“The expression ‘shall not be necessary’ is used in various statutes and even in the Constitution. This expression is used in the first proviso to Article 311(2) and in proviso to Article 320(3). Some of the cases in which similar expression occurring in statutes was taken into account and effect was given to its plain language are:
i) Proviso to Section 63(3) of The Motor Vehicles Act, 1939 [Ibrahim v. The State Transport Appellate Tribunal, Madras, (1970) 2 SCC 233],
ii) Order XXX, Rule 4 of The Code of Civil Procedure, 1908 [Sohanlal v. Amir Chand, (1973) 2 SCC 608; Upper India Cable Co. v. Bal Kishan (1984) 3 SCC 462 and in Brij Kishore Sharma v. Ram Singh (1996) 11 SCC 480],
iii) Proviso to Section 68 of The Indian Evidence Act, 1872 [Rasammal Issetheerammal Fernandez v. Joosa Mariyam Fernandez, (2000) 7 SCC 189].

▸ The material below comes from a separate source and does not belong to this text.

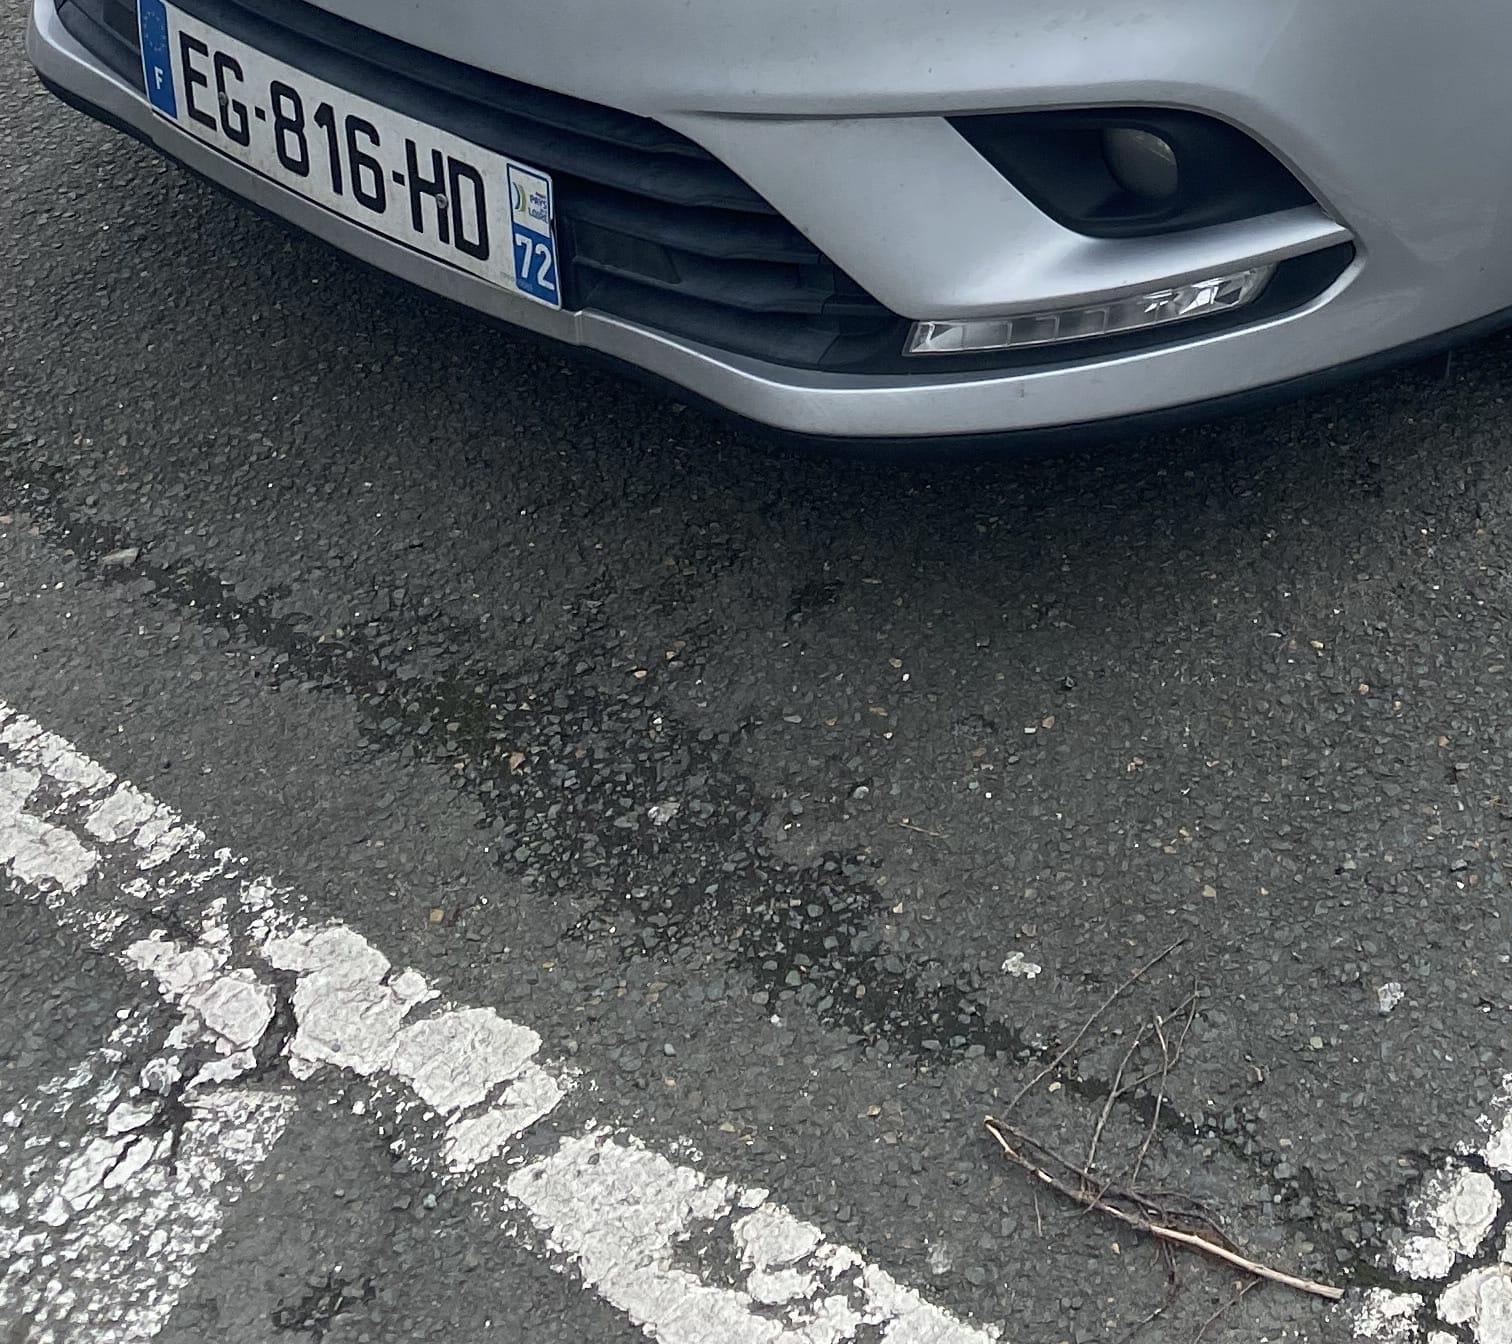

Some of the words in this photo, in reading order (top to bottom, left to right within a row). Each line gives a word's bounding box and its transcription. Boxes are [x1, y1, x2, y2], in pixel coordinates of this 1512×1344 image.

As against the general principle which mandates an action in a particular manner, when an exception is to be carved out, the relevant provisions stipulate “it shall not be necessary” to adhere to and follow the manner mandated by such general principle; and if the contingency contemplated by such exception arises, the general principle is to stand overridden.”
– Hon’ble Justice U.U. Lalit, Vodafone Idea Ltd. v. Assistant Commissioner of Income Tax Circle 26(1), [Civil Appeal No. 2377 of 2020].